=== Data provided ===

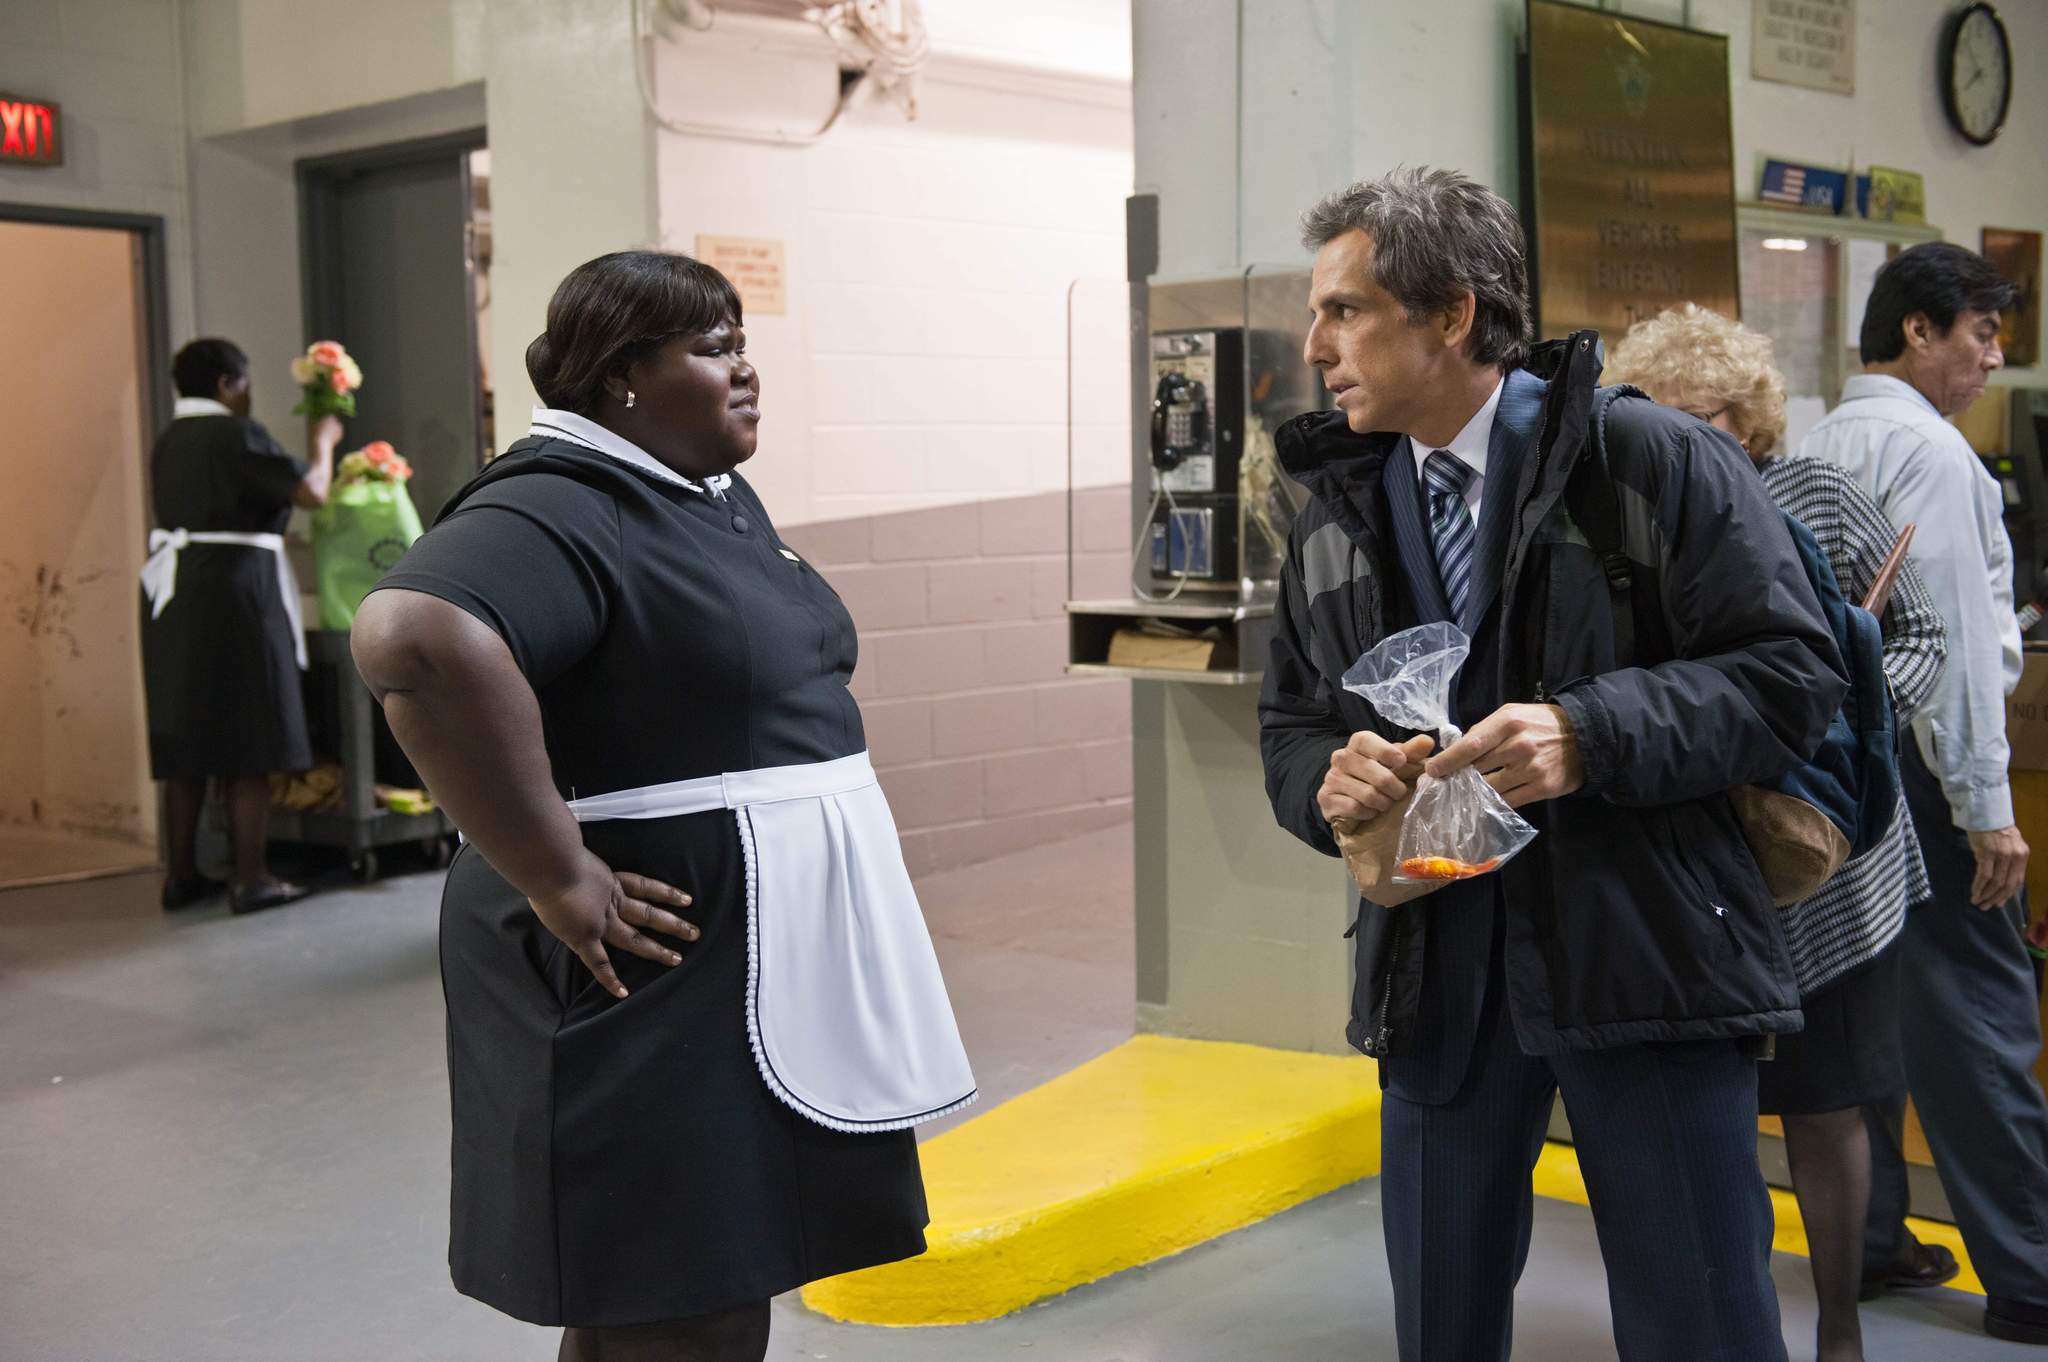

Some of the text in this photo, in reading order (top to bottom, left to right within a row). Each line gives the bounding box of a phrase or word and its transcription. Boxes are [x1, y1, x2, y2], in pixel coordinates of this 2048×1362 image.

[1623, 177, 1655, 209] ALL
[1599, 218, 1680, 252] VEHICLES
[1598, 261, 1684, 294] ENTERING
[2013, 703, 2037, 720] NO
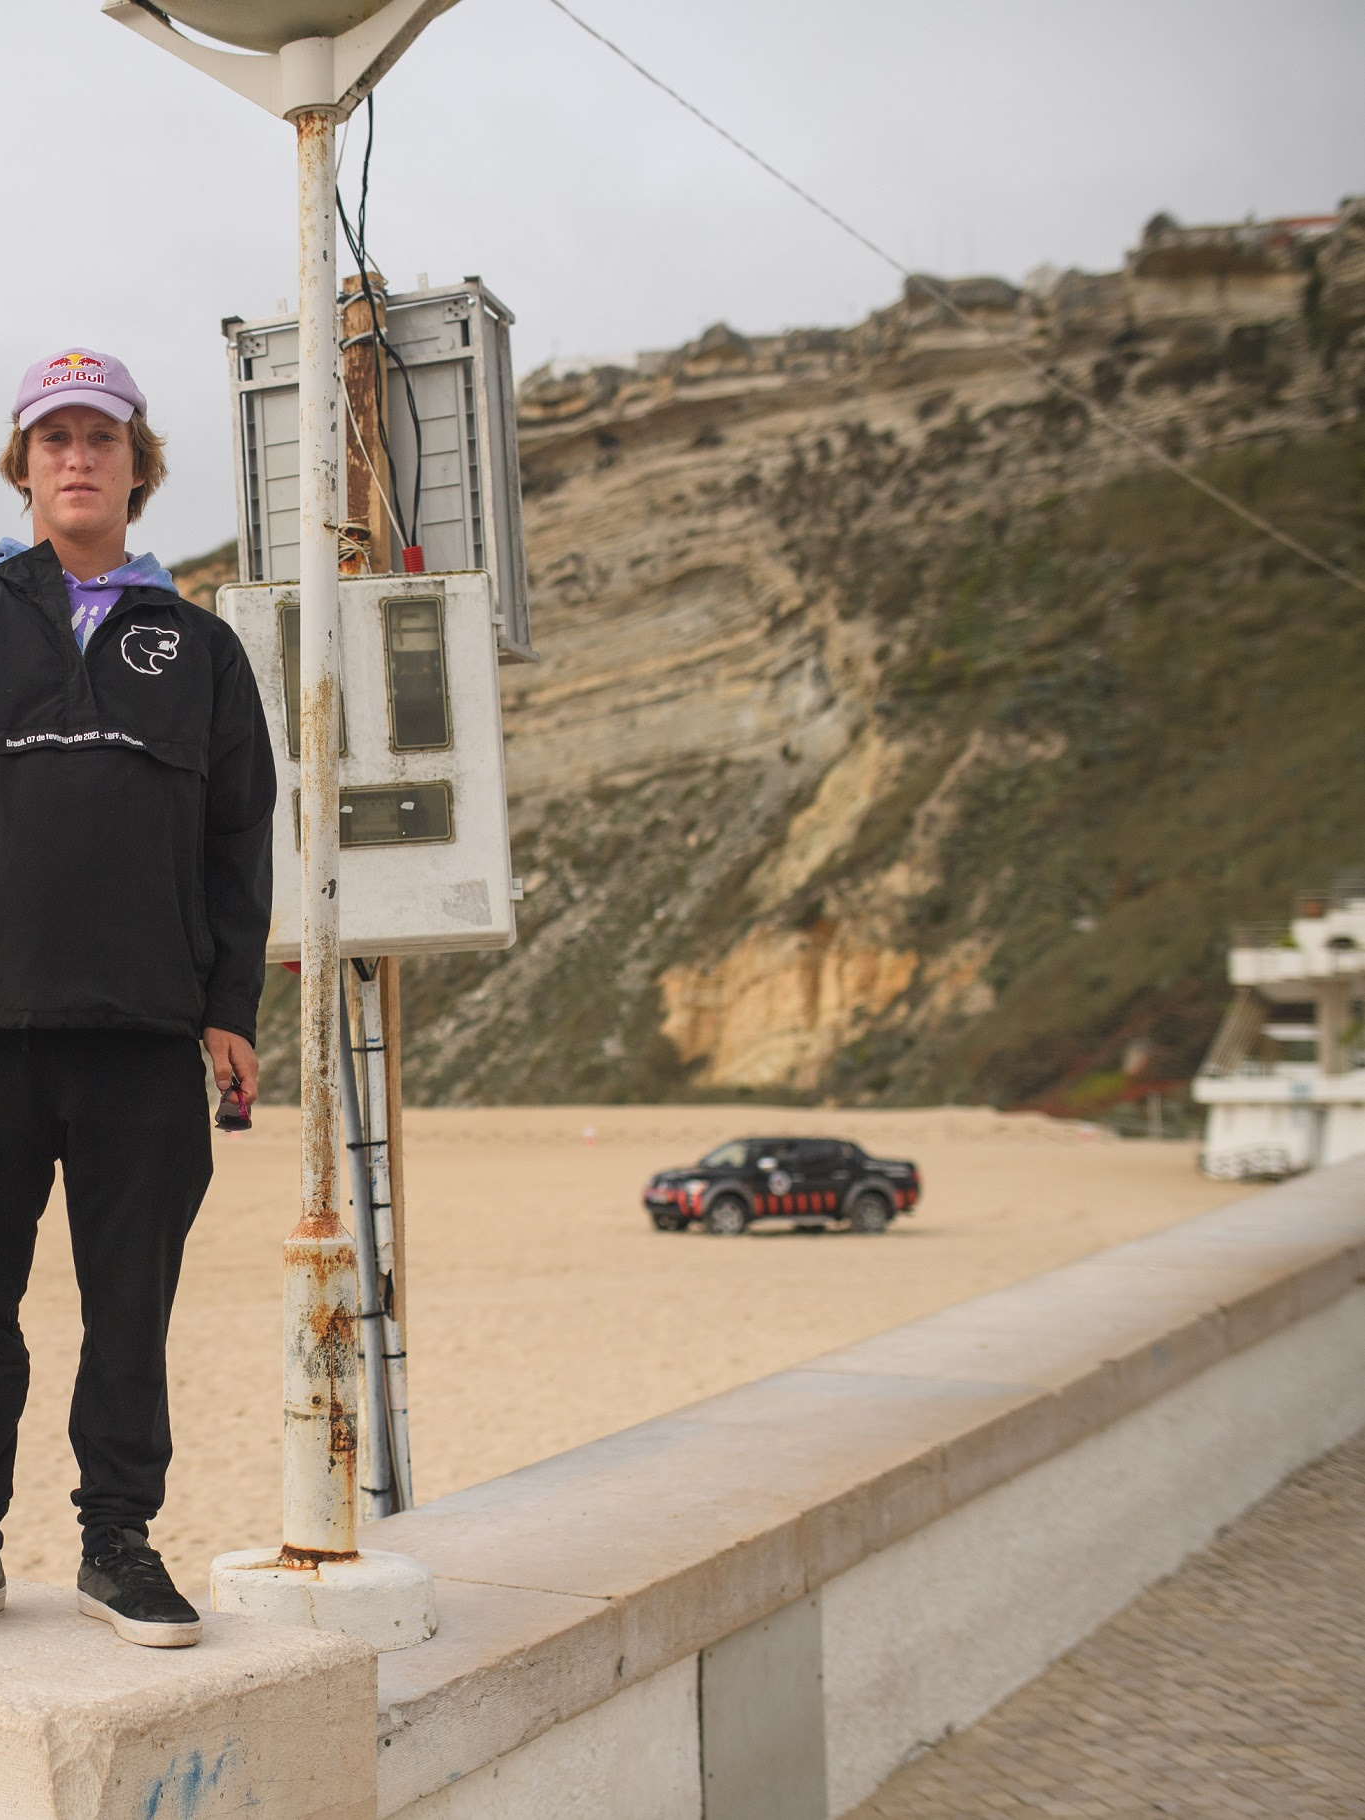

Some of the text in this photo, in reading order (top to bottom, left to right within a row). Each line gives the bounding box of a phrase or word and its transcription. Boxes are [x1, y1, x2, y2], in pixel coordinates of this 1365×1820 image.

[42, 371, 104, 388] Red Bull
[27, 735, 35, 743] 07
[36, 734, 45, 742] de
[46, 733, 73, 744] fevereiro
[74, 734, 83, 742] de
[84, 731, 100, 741] 2021

===

Aim of the task: Each line from the one holding "this 1365×1820 image." to the end of the entries is to be written out exactly. Skip every line before it.

Solution:
Some of the text in this photo, in reading order (top to bottom, left to right within a row). Each line gives the bounding box of a phrase or word and its transcription. Boxes are [x1, y1, x2, y2], in pixel coordinates of this 1365×1820 image.

[42, 371, 104, 388] Red Bull
[27, 735, 35, 743] 07
[36, 734, 45, 742] de
[46, 733, 73, 744] fevereiro
[74, 734, 83, 742] de
[84, 731, 100, 741] 2021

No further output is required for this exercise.